◆ **ACTION ITEM**: Make an exact copy of all the data, pictures excluded.
*** EXTRACTED RECORDS Section Begins ***
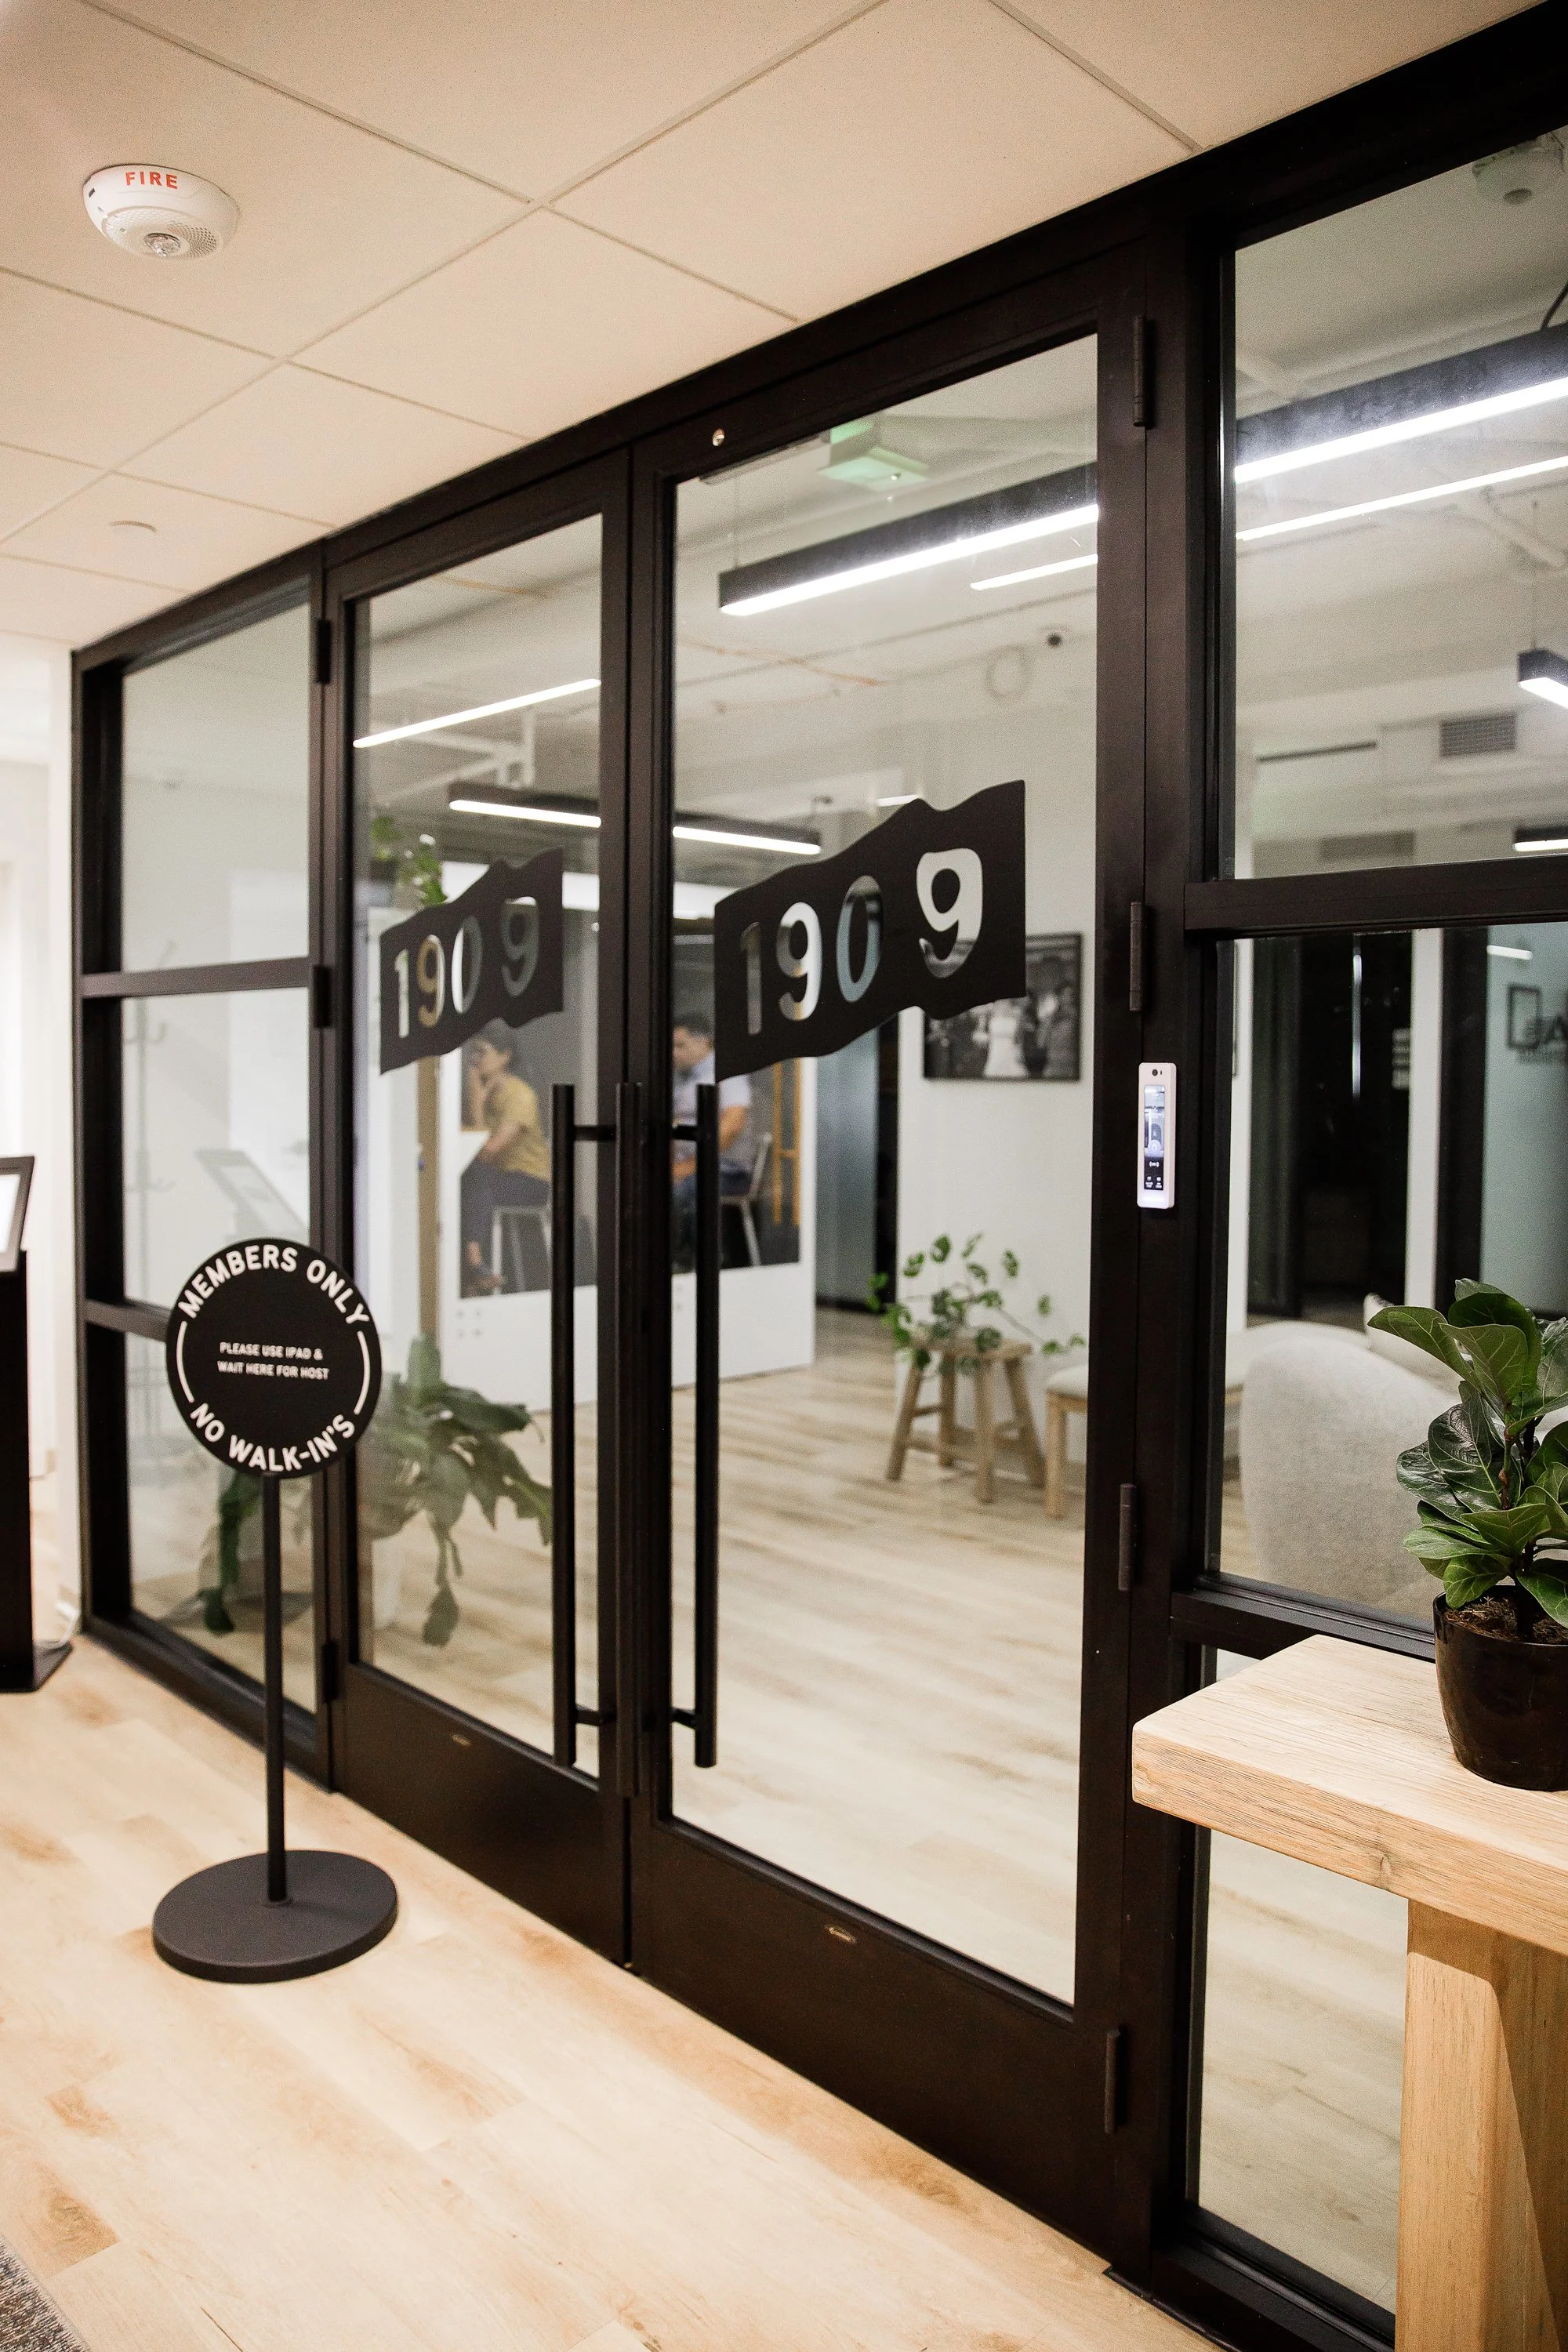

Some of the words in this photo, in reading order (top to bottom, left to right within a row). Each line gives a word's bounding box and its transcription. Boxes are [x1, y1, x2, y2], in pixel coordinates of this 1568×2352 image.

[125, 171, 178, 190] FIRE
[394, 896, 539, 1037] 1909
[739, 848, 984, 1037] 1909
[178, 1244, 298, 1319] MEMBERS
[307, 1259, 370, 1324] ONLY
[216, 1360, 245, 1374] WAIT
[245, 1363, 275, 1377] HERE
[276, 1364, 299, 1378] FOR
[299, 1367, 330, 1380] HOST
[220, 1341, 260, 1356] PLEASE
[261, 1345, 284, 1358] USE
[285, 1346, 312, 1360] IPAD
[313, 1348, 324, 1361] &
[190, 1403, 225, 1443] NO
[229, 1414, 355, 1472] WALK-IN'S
*** EXTRACTED RECORDS Section Ends ***
◆ **OUTPUT OF THE TASK**:
Some of the words in this photo, in reading order (top to bottom, left to right within a row). Each line gives a word's bounding box and its transcription. Boxes are [x1, y1, x2, y2], in pixel coordinates of this 1568×2352 image.

[125, 171, 178, 190] FIRE
[394, 896, 539, 1037] 1909
[739, 848, 984, 1037] 1909
[178, 1244, 298, 1319] MEMBERS
[307, 1259, 370, 1324] ONLY
[216, 1360, 245, 1374] WAIT
[245, 1363, 275, 1377] HERE
[276, 1364, 299, 1378] FOR
[299, 1367, 330, 1380] HOST
[220, 1341, 260, 1356] PLEASE
[261, 1345, 284, 1358] USE
[285, 1346, 312, 1360] IPAD
[313, 1348, 324, 1361] &
[190, 1403, 225, 1443] NO
[229, 1414, 355, 1472] WALK-IN'S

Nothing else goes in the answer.